Fasting of up to 24 hr has been shown to increase intestinal permeability (IP) in chickens. The aim of this study was to determine whether fasting duration of 4.5 and 9 hr increased IP and whether l-glutamine (a non-essential amino acid) supplementation before fasting provided some protection of barrier function as shown in other species. Ross 308 male broilers (n = 96) were fed either a control diet or the same diet supplemented with 1% glutamine from d0 to d38 post-hatch. On d37, the birds were assigned to single-bird metabolism cages and were fasted for either 0, 4.5, 9 or 19.5 hr. This study design was 2 × 4 factorial with two levels of glutamine and four levels of fasting. Birds in the 0-hr fasting group had free access to feed. All birds had ad libitum access to water. To measure IP on day 38, following their respective fasting periods, birds were administered two separate oral gavages of fluorescein isothiocyanate dextran (FITC-d) followed by lactulose, mannitol and rhamnose (LMR) sugars, 60 min apart. Whole blood was collected from the jugular vein 90 min post-LMR sugar gavage. FITC-d and L/M/R ratios were measured by spectrophotometry and high-performance ionic chromatography respectively.

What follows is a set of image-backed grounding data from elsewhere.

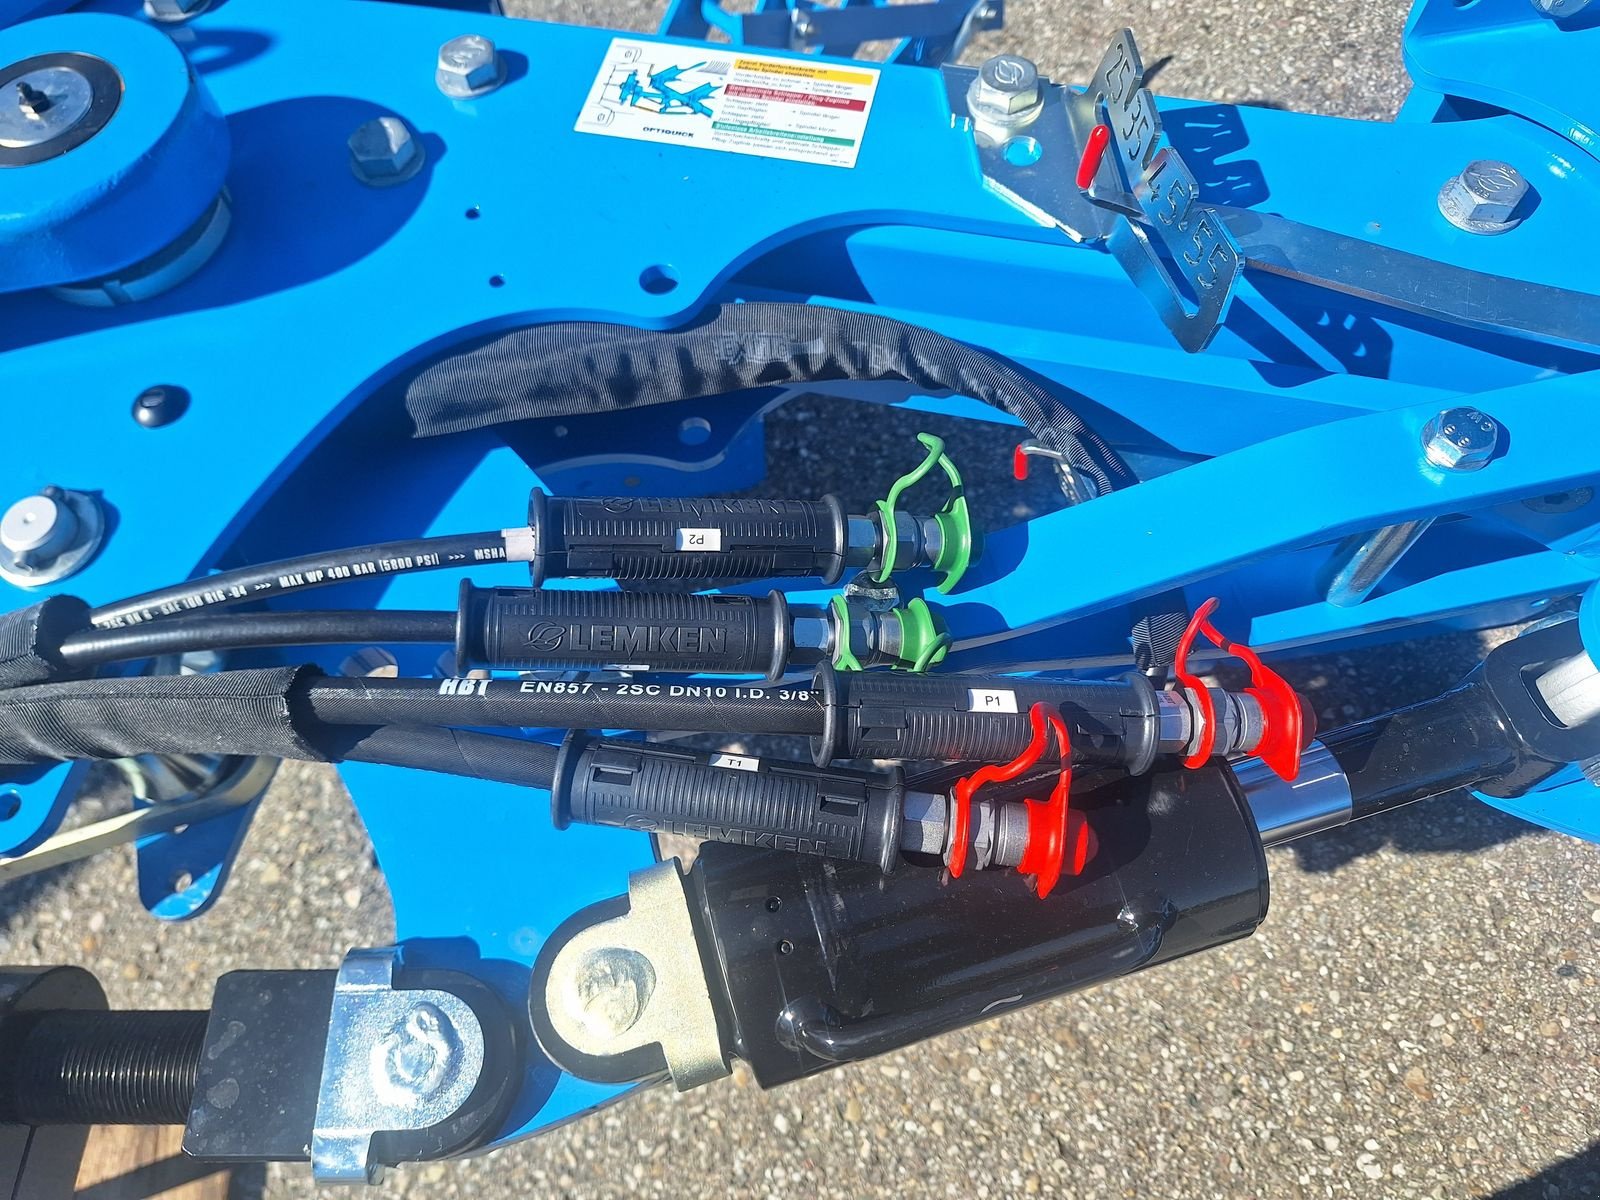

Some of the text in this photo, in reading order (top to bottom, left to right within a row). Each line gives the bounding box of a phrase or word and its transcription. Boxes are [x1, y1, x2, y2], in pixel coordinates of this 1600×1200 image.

[689, 534, 704, 545] P2
[278, 574, 304, 589] MAX
[305, 570, 324, 584] WP
[327, 565, 351, 580] 400
[353, 561, 377, 576] BAR
[474, 546, 506, 561] MSHA
[569, 623, 728, 658] LEMKEN
[438, 678, 493, 696] HBT
[519, 681, 594, 695] EN857
[616, 683, 661, 696] 2SC
[669, 685, 727, 698] DN10
[735, 688, 771, 700] I.D.
[985, 695, 1000, 707] P1
[727, 758, 743, 767] T1
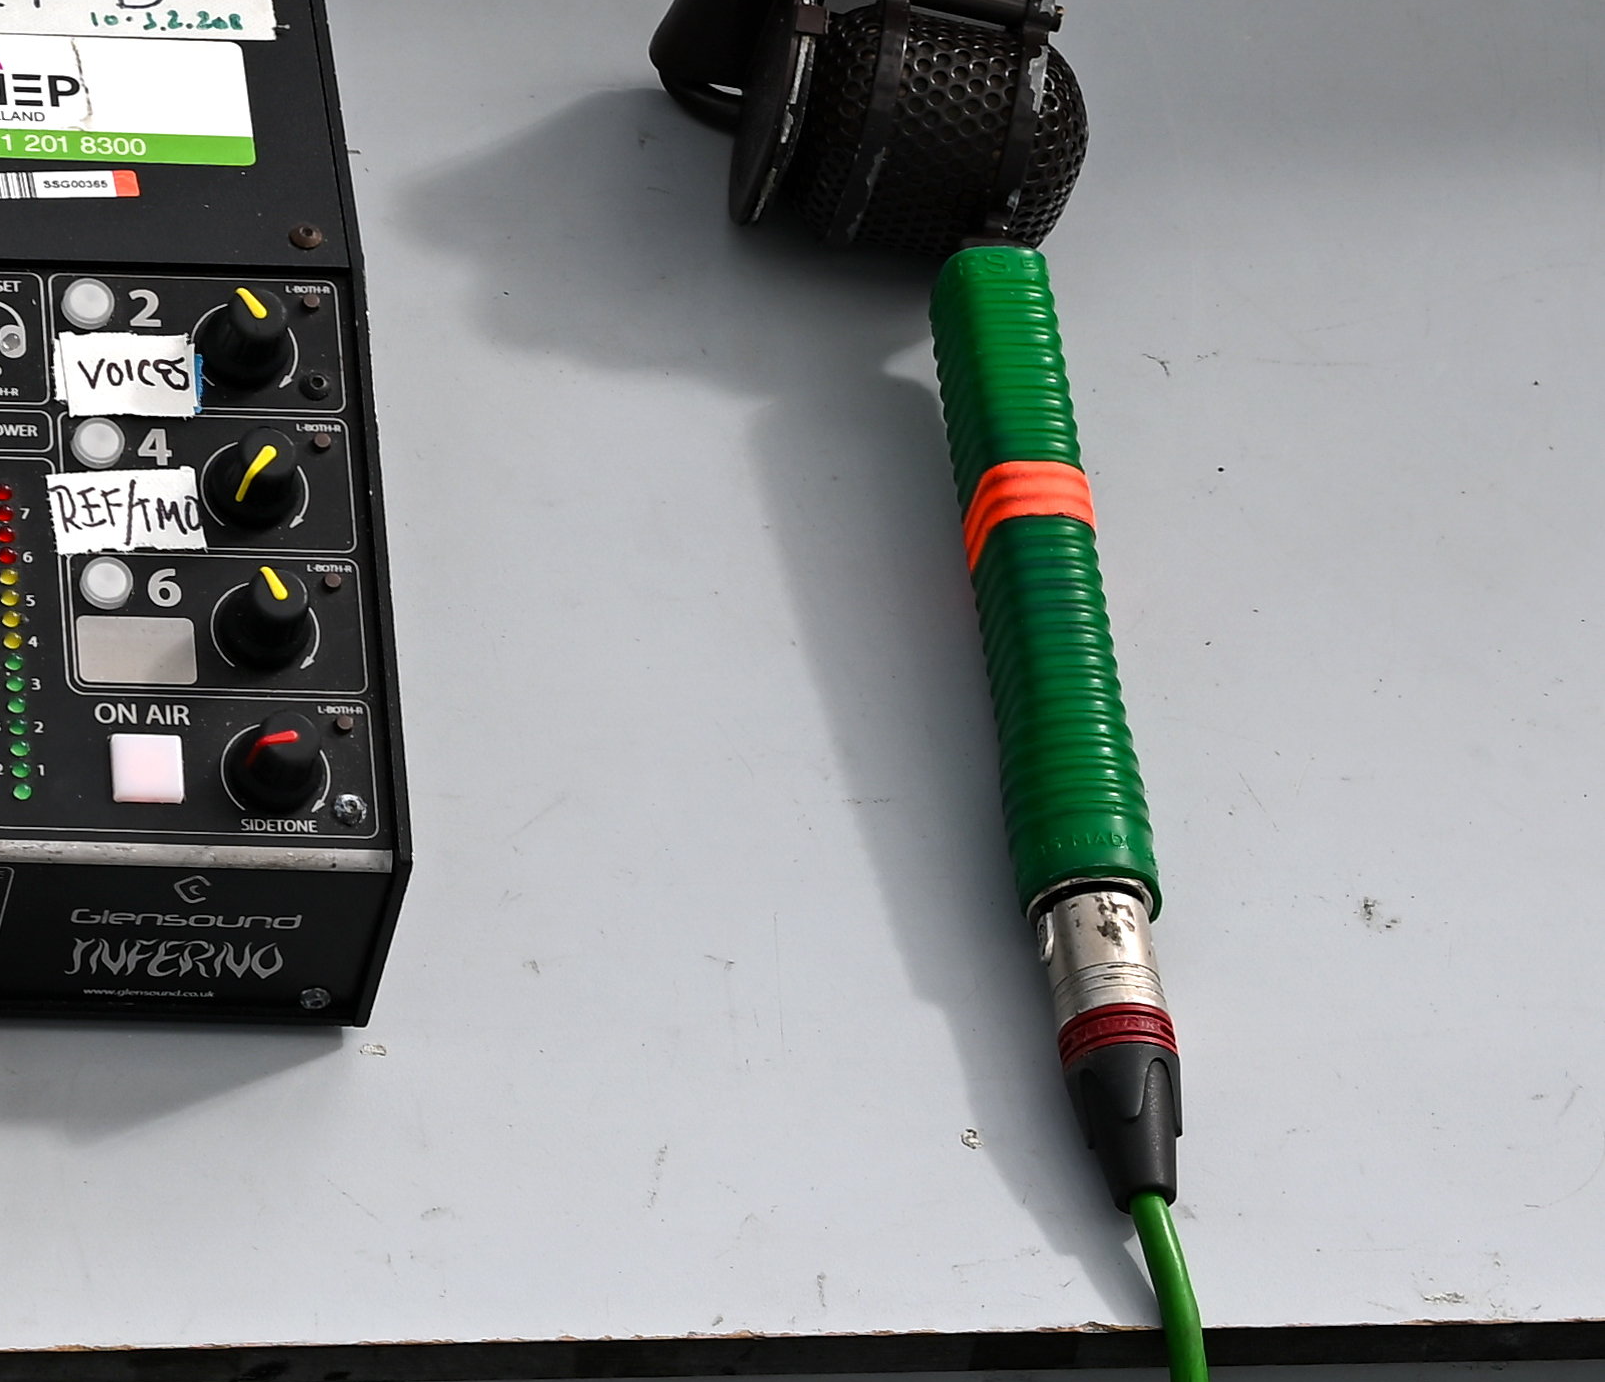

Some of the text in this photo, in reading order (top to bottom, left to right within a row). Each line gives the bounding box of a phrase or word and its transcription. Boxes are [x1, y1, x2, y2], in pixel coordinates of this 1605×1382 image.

[1, 134, 11, 150] 1
[25, 135, 67, 152] 201
[80, 137, 146, 155] 8300
[43, 180, 107, 188] SSG00365
[129, 290, 161, 327] 2
[78, 357, 190, 391] VOICES
[296, 424, 341, 432] L-BOTH-R
[138, 429, 172, 465] 4
[20, 508, 29, 519] 7
[23, 552, 33, 562] 6
[307, 564, 352, 572] L-BOTH-R
[148, 569, 181, 607] 6
[26, 595, 35, 606] 5
[28, 636, 37, 647] 4
[32, 678, 41, 690] 3
[95, 703, 190, 725] ON AIR
[318, 706, 363, 714] L-BOTH-R
[34, 722, 43, 733] 2
[38, 765, 44, 776] 1
[241, 819, 318, 833] SIDETONE
[70, 908, 302, 929] Glensound
[64, 937, 283, 979] INFERNO
[83, 987, 214, 999] www.glensound.co.uk
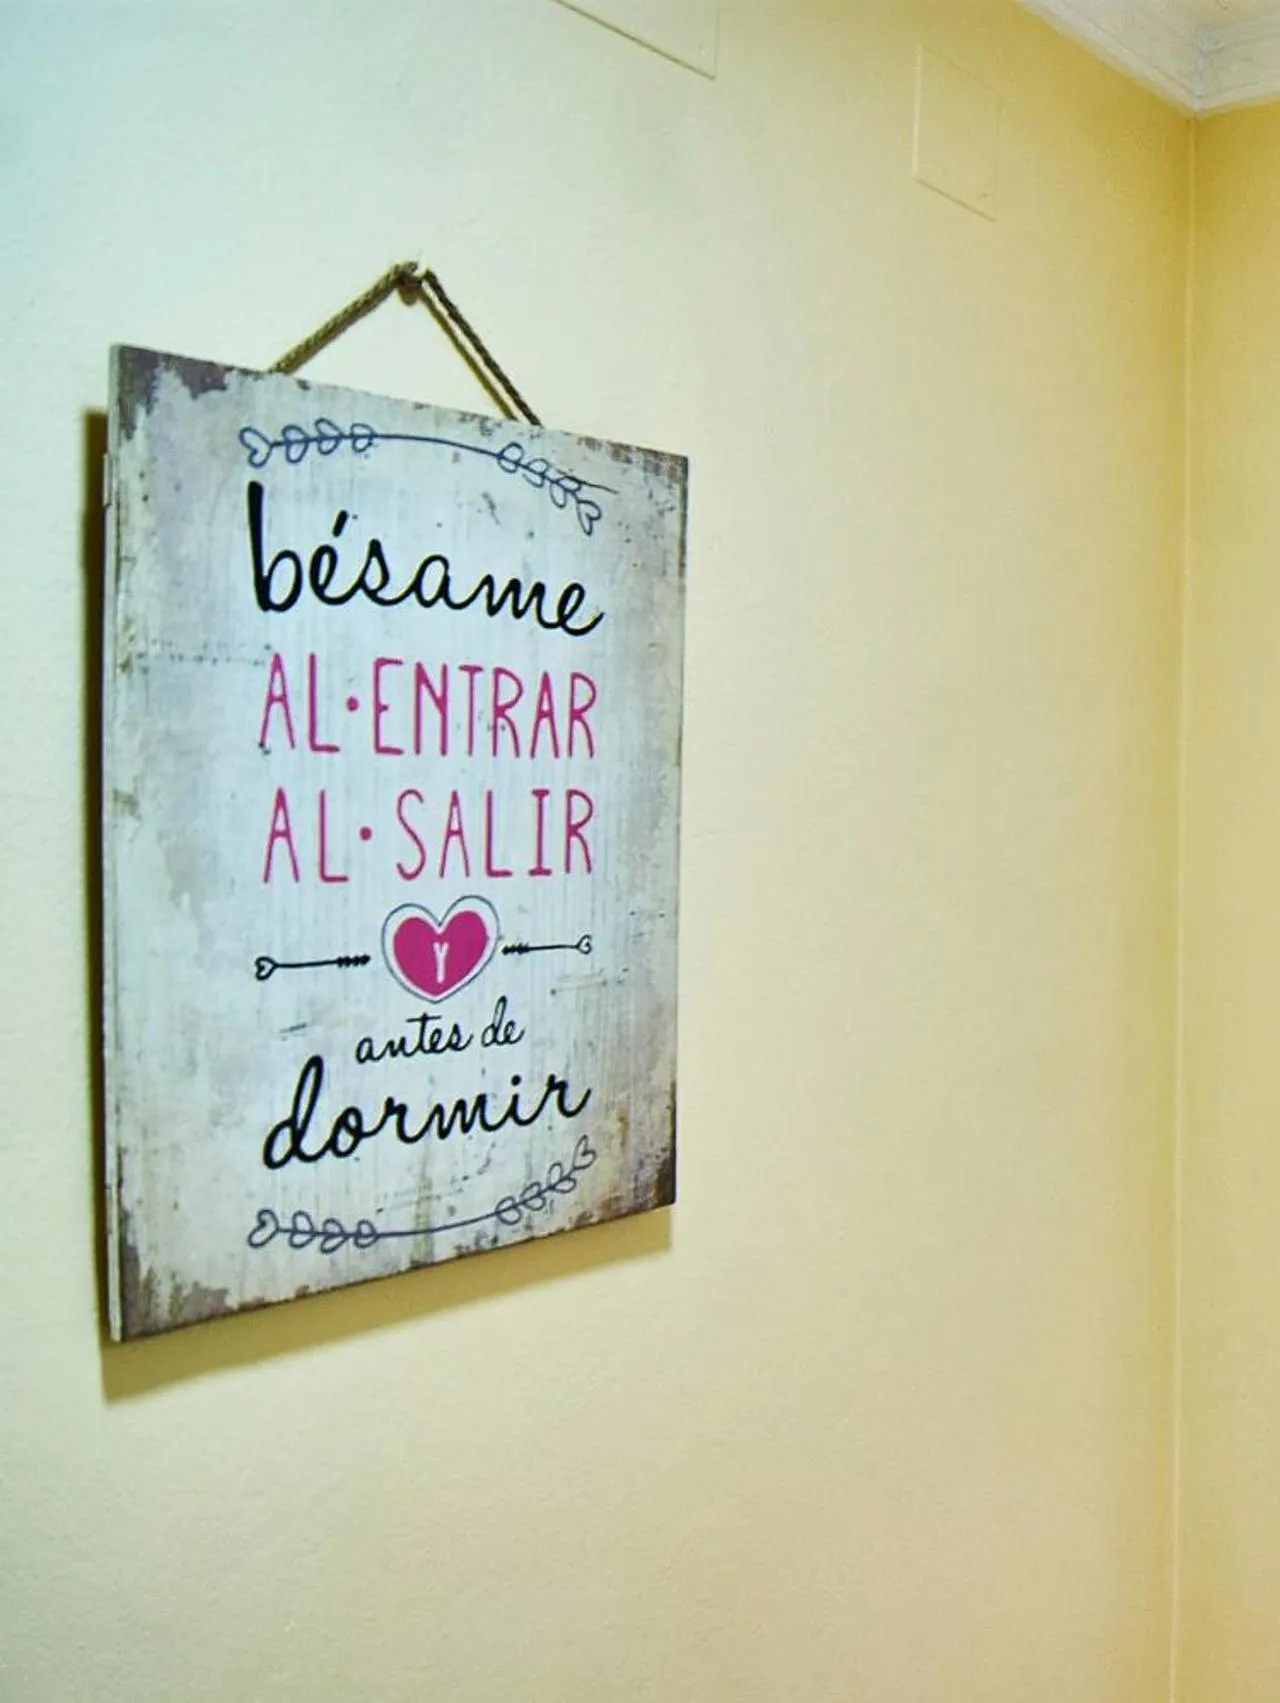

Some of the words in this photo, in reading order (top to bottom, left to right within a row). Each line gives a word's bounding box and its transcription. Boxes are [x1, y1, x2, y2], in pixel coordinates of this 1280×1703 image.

Lipopolysaccharide (LPS) endotoxins in plasma of the birds fed the control diet were also measured using chicken-specific LPS antibody ELISA. Serum FITC-d and plasma L/M and L/R ratios for 4.5, 9 and 19.5 hr were significantly (p < .05) higher compared to the non-fasting group. However, IP was not different in the glutamine-supplemented group (p > .05) compared to the control group. LPS concentrations measured by the ELISA were below the detectable range. We conclude that fasting periods of 4.5 and 9 hr increased IP compared to non-fasted birds and dietary glutamine supplementation did not ameliorate changes in IP.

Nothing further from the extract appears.